**What this task involves**.
Leaving out only the pictures, write out all the entries exactly.
[Dataset]
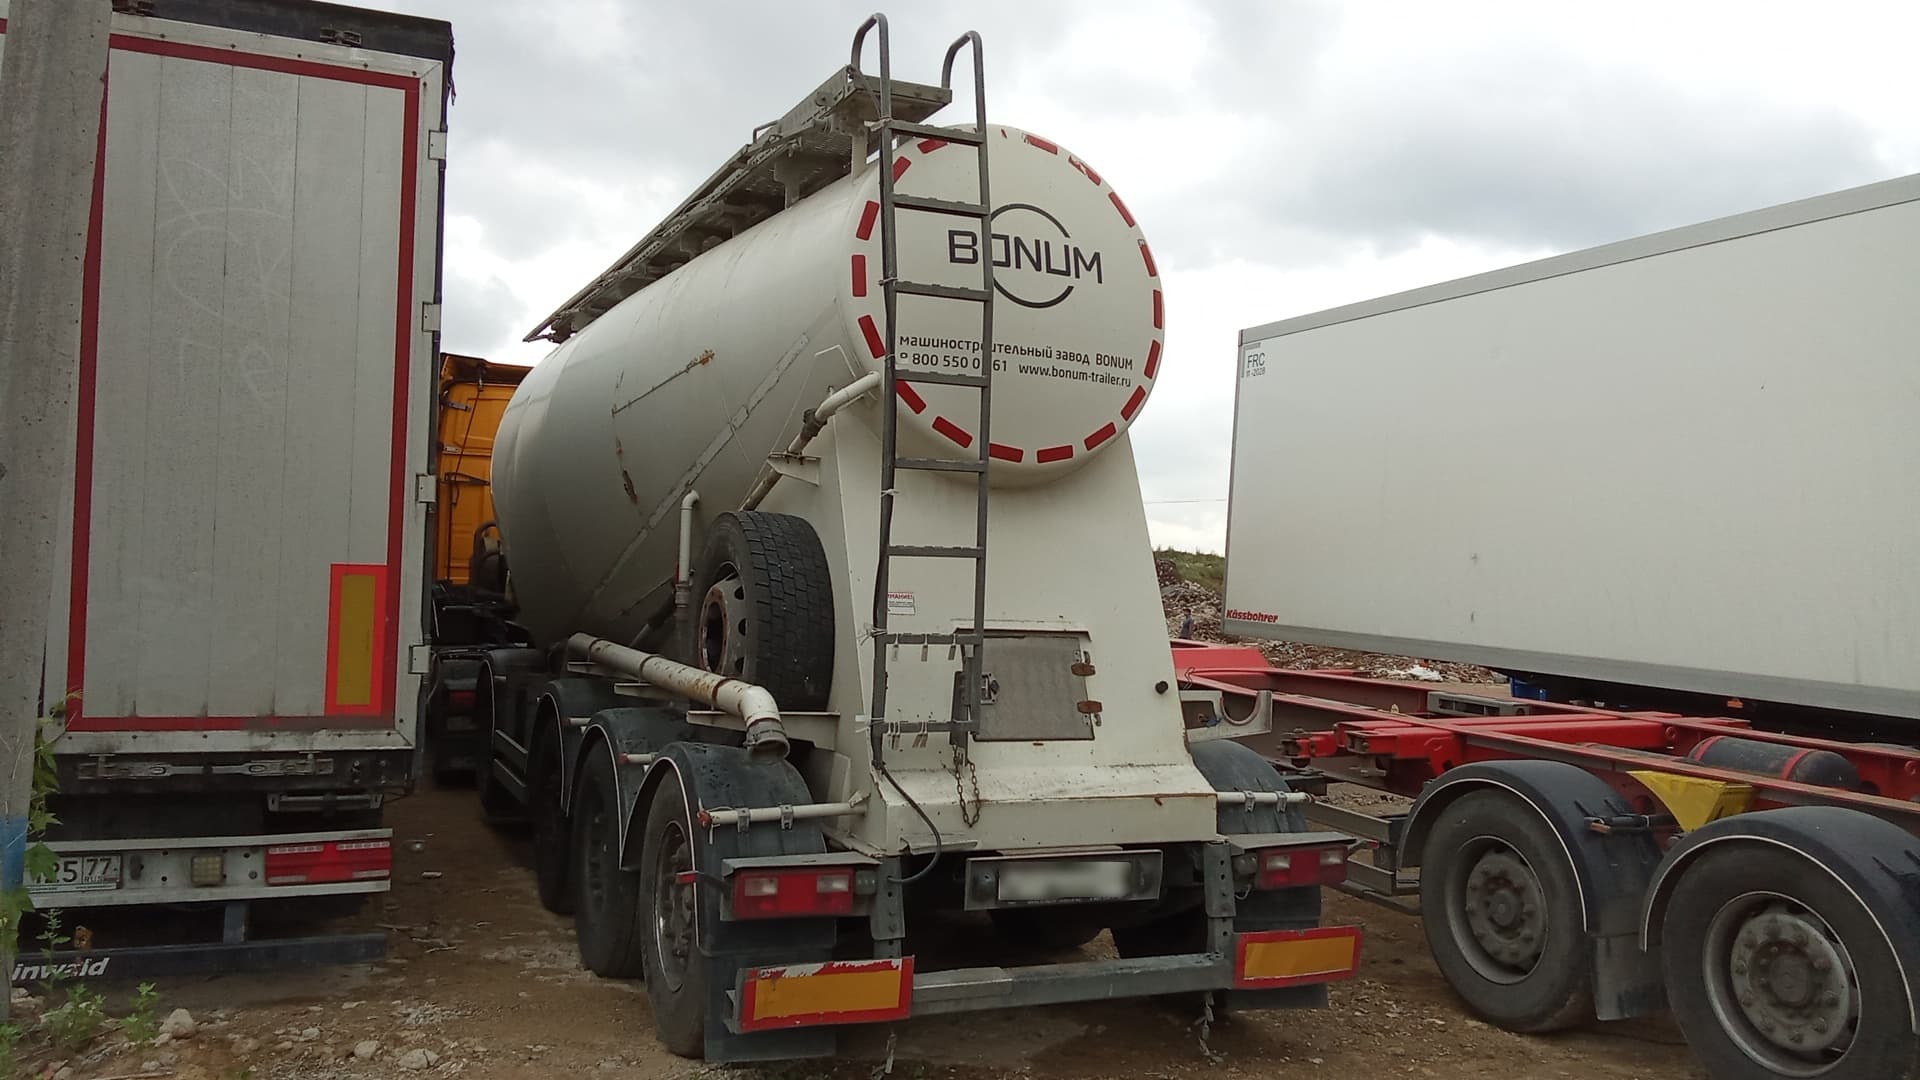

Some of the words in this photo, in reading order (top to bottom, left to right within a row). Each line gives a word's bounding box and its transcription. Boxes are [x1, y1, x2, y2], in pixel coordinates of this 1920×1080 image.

[948, 229, 1103, 284] BONUM
[912, 353, 939, 366] 800
[943, 355, 969, 369] 550
[993, 359, 1007, 372] 61
[1019, 364, 1131, 387] www.bonum-trailer.ru
[1055, 350, 1090, 366] завод
[1095, 353, 1133, 371] BONUM
[1247, 352, 1265, 368] FRC
[1226, 609, 1279, 623] Kässbohrer
[86, 857, 112, 876] 77
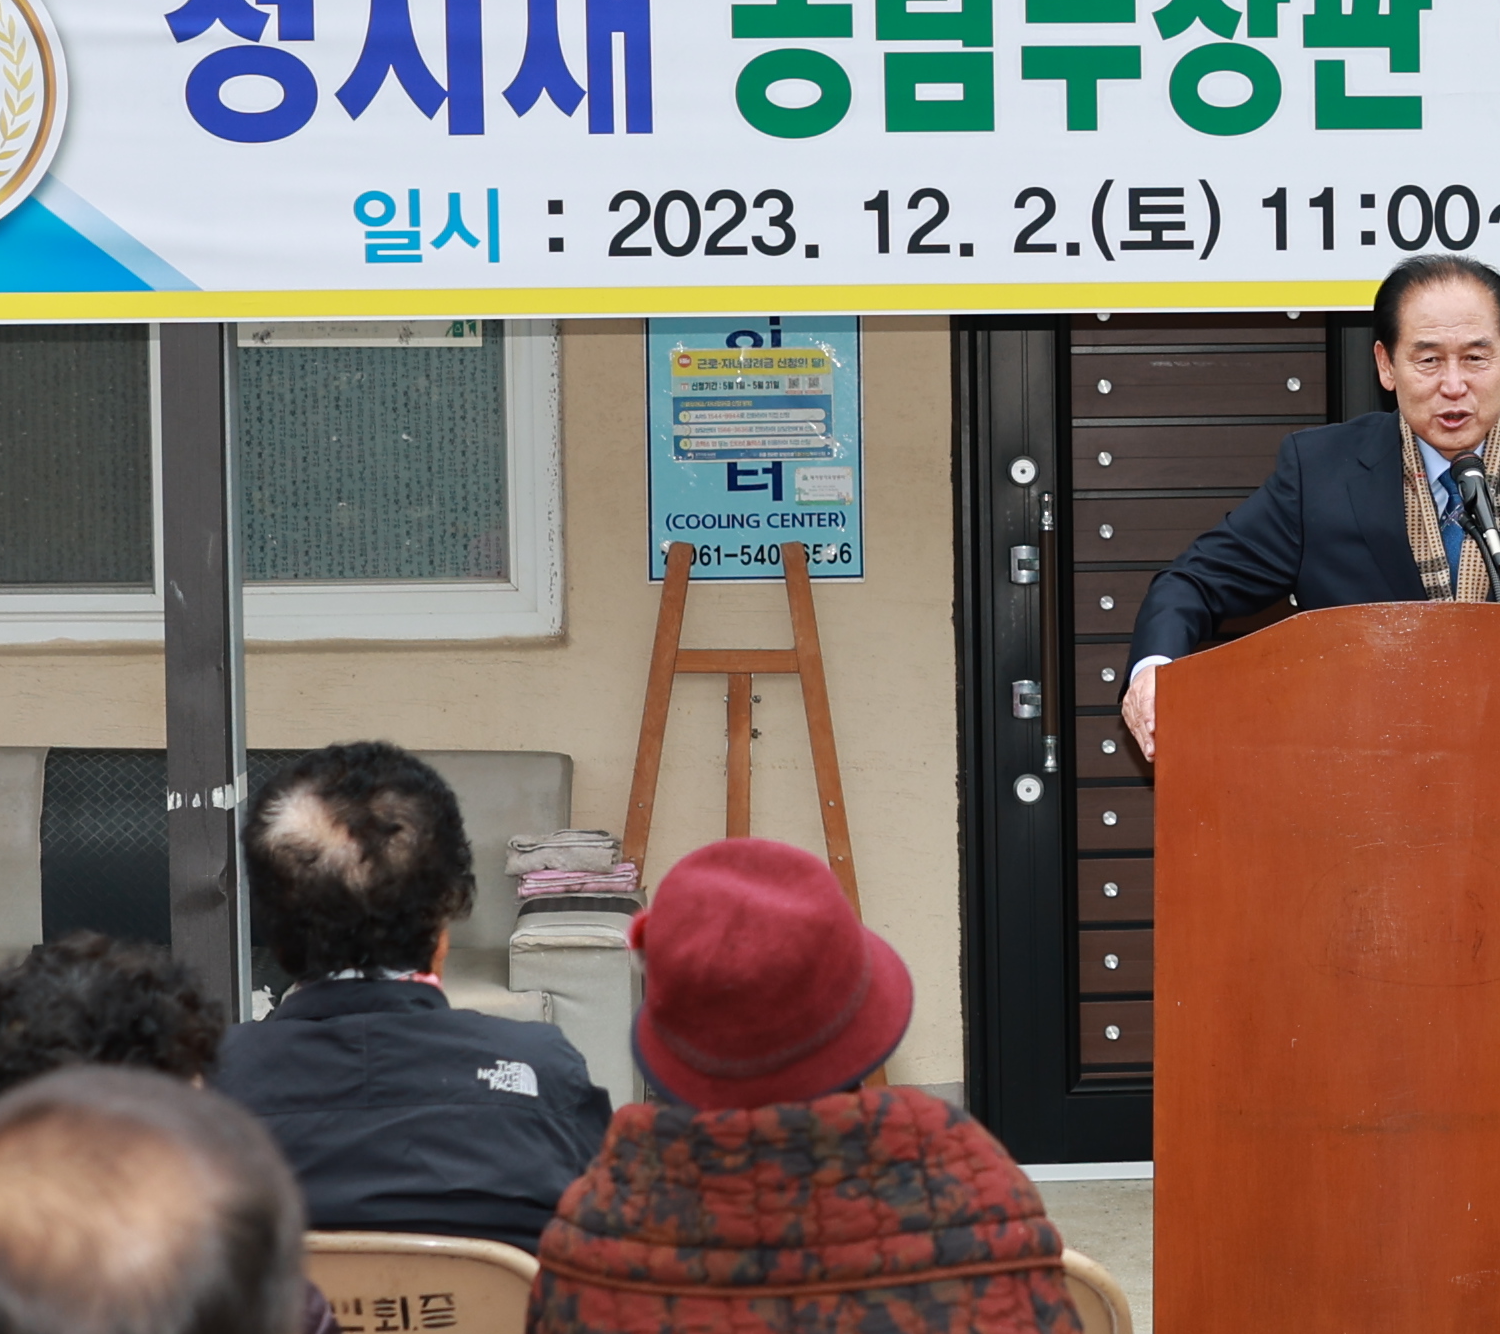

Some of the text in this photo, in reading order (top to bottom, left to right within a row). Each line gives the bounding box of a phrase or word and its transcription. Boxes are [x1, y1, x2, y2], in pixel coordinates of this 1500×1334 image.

[354, 188, 500, 263] 일시
[608, 187, 820, 259] 2023.
[864, 186, 974, 259] 12.
[1014, 179, 1221, 261] 2.(토)
[665, 511, 847, 532] (COOLING CENTER)
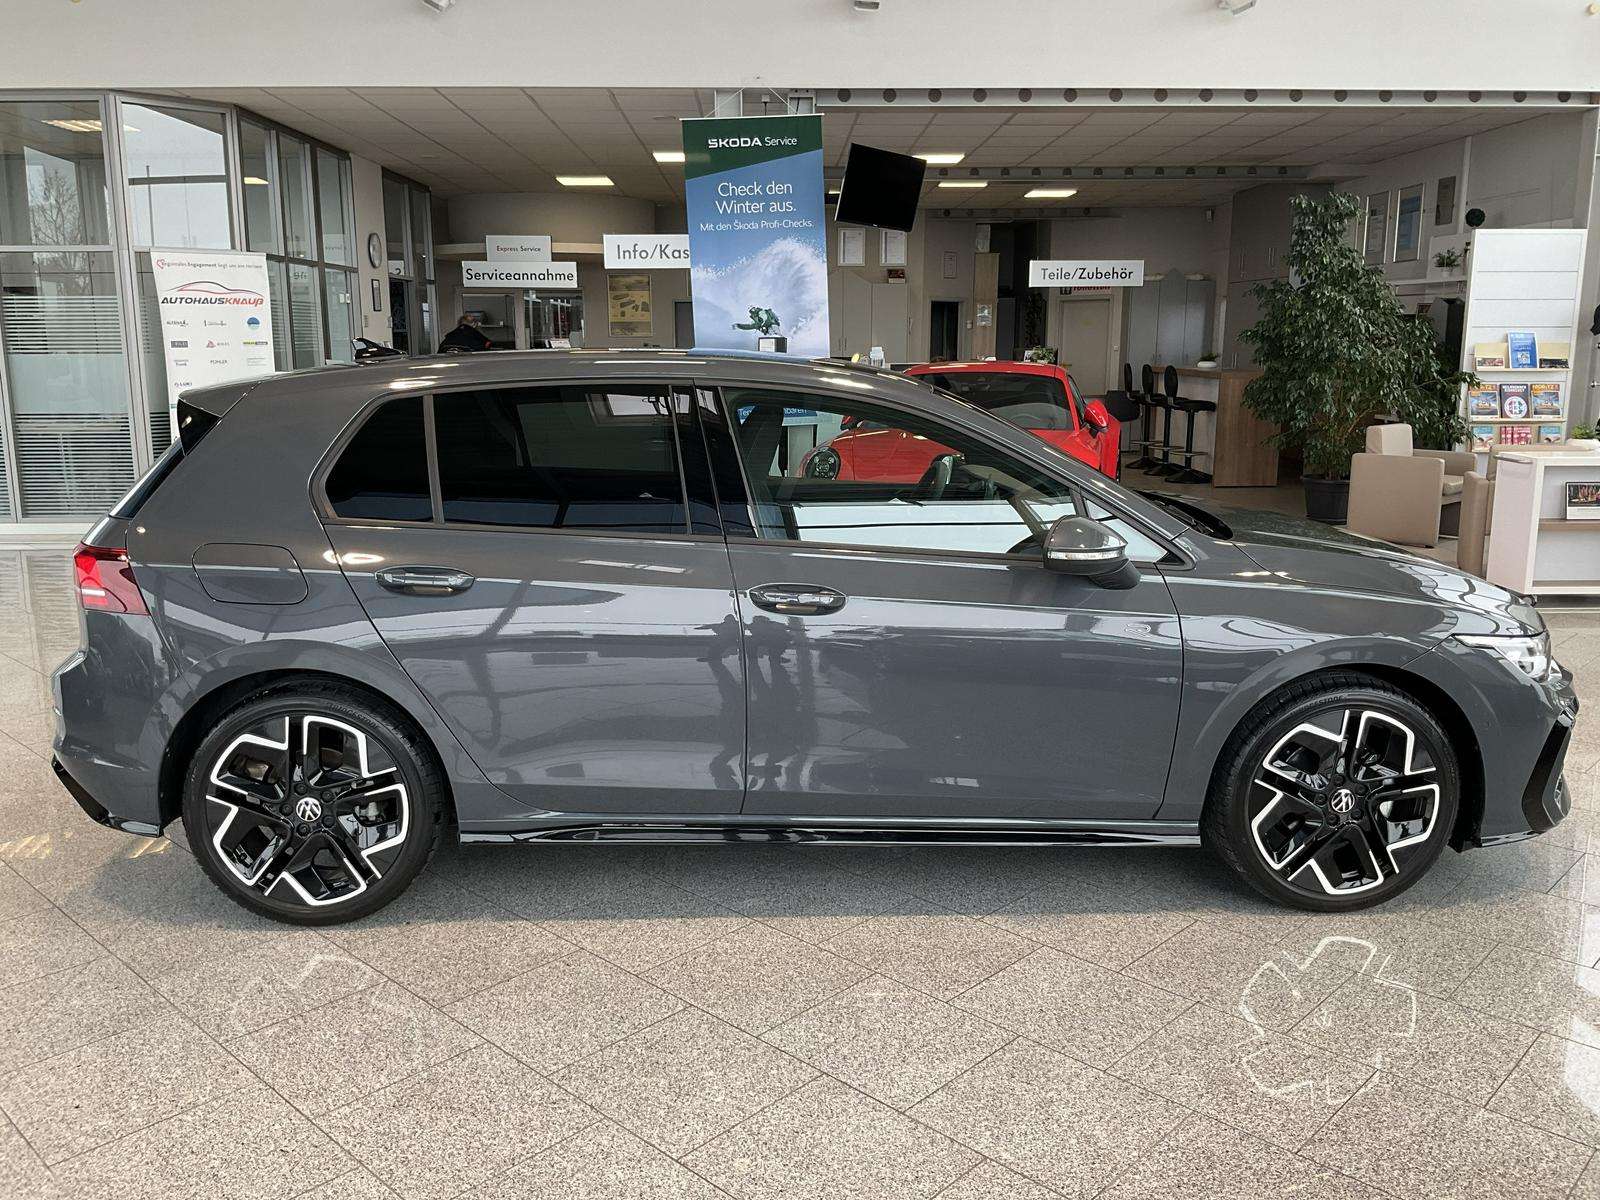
[/Dataset]
**Result for this task**.
Some of the words in this photo, in reading order (top to bottom, left to right within a row). Each line gives a word's bounding box and its transcription. Boxes are [x1, y1, x2, y2], in pixel coordinates of this 1920×1080 image.

[948, 229, 1103, 284] BONUM
[912, 353, 939, 366] 800
[943, 355, 969, 369] 550
[993, 359, 1007, 372] 61
[1019, 364, 1131, 387] www.bonum-trailer.ru
[1055, 350, 1090, 366] завод
[1095, 353, 1133, 371] BONUM
[1247, 352, 1265, 368] FRC
[1226, 609, 1279, 623] Kässbohrer
[86, 857, 112, 876] 77

Some of the text in this photo, in reading order (top to bottom, left to right within a row). Each line gives the bounding box of a phrase or word and its transcription. Boxes are [x1, y1, x2, y2], in pixel coordinates of this 1500×1334 image.

[354, 188, 500, 263] 일시
[608, 187, 820, 259] 2023.
[864, 186, 974, 259] 12.
[1014, 179, 1221, 261] 2.(토)
[665, 511, 847, 532] (COOLING CENTER)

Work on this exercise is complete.